Aim: The study aims to prepare a class of oleanolic-based compounds.
Background: Conventional drugs used to treat infectious diseases suffer from limitations
such as drug toxicity and drug resistance. The resistance of microbes to antimicrobial
agents is a significant challenge in treating microbial infections. Combining two or more
drugs with different modes of action to treat microbial infections results in a delay in developing
drug resistance by the microbes. However, it is challenging to select the appropriate
drugs for combination therapy due to the differences in stability and pharmacokinetic
profile of the drugs. Therefore, developing hybrid compounds using the existing
drugs is a promising approach to design effective antimicrobial agents.

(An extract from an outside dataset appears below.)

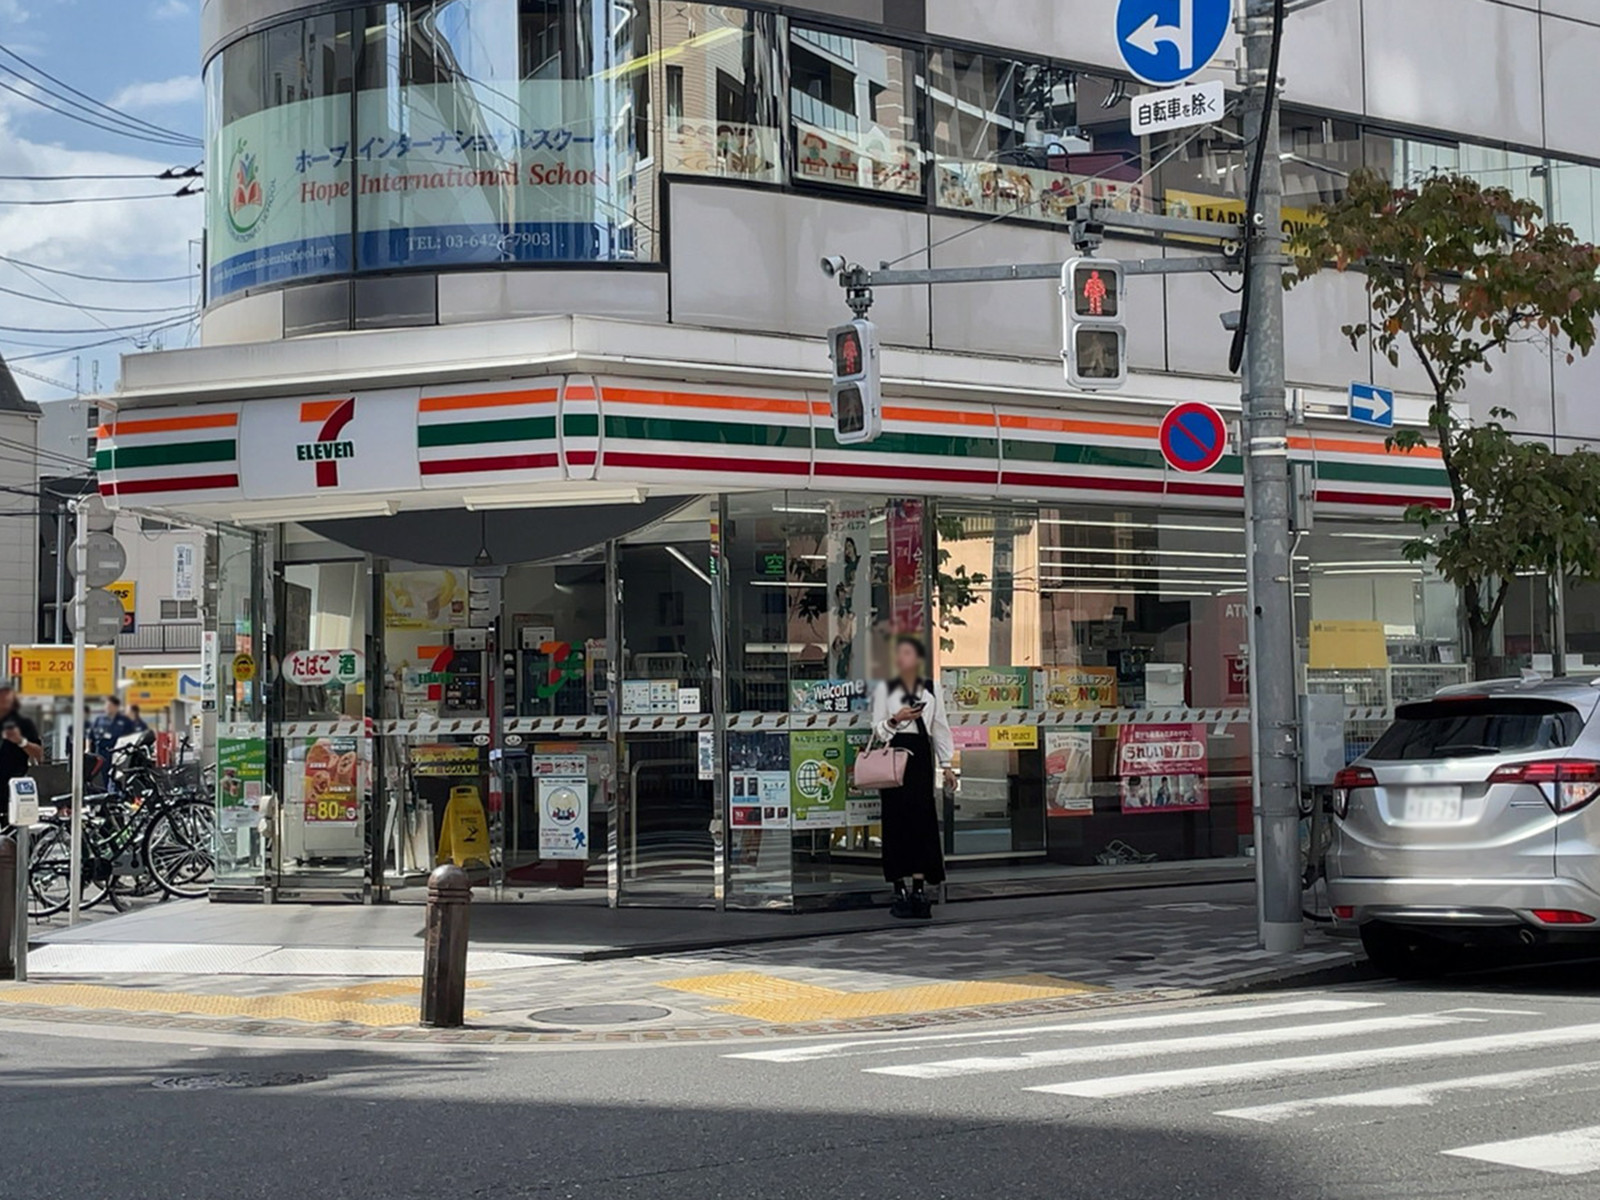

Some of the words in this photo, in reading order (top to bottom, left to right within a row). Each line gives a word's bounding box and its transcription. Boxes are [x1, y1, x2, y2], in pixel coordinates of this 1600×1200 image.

Objectives: To prepare oleanolic-based hybrid compounds followed by characterization,
in vitro antibacterial and cytotoxicity evaluation.
Methods: Oleanolic acid-4-aminoquinoline-based hybrid compounds were synthesized
via esterification and amidation. The compounds were characterized using
FTIR, NMR, and UHPLC-HRMS. Oleanolic acid (OA) was isolated from the
flower buds of Syzygium aromaticum (L.) Merr. & L.M.Perry, a species from
Kingdom Plantae, order Mytales in the Myrtaceae family. Antibacterial activity
was determined against selected strains of bacteria using the microdilution assay
and cytotoxicity activity was assessed using the sulforhodamine B assay against
selected cancer cell lines.
Results: The synthesized hybrid compounds exhibited antibacterial activity against the
Gram-positive bacteria Enterococcus faecalis (ATCC13047), Bacillus subtilis (ATCC19659),
Staphylococcus aureus as well as Gram-negative bacteria, Klebsiella oxytoca
(ATCC8724), Escherischia coli (ATCC25922), and Proteus vulgaris (ATCC6380) with
minimum inhibitory concentrations of 1.25 mg/mL compared to oleanolic acid (2.5
mg/mL). Compounds 13 and 14 displayed cytotoxicity in vitro against the cancer cell
lines (MCF-7 and DU 145) compared to the oleanolic acid (IC50 ˃ 200 μM).
Conclusion: Modification of C28 of OA enhanced its biological activity.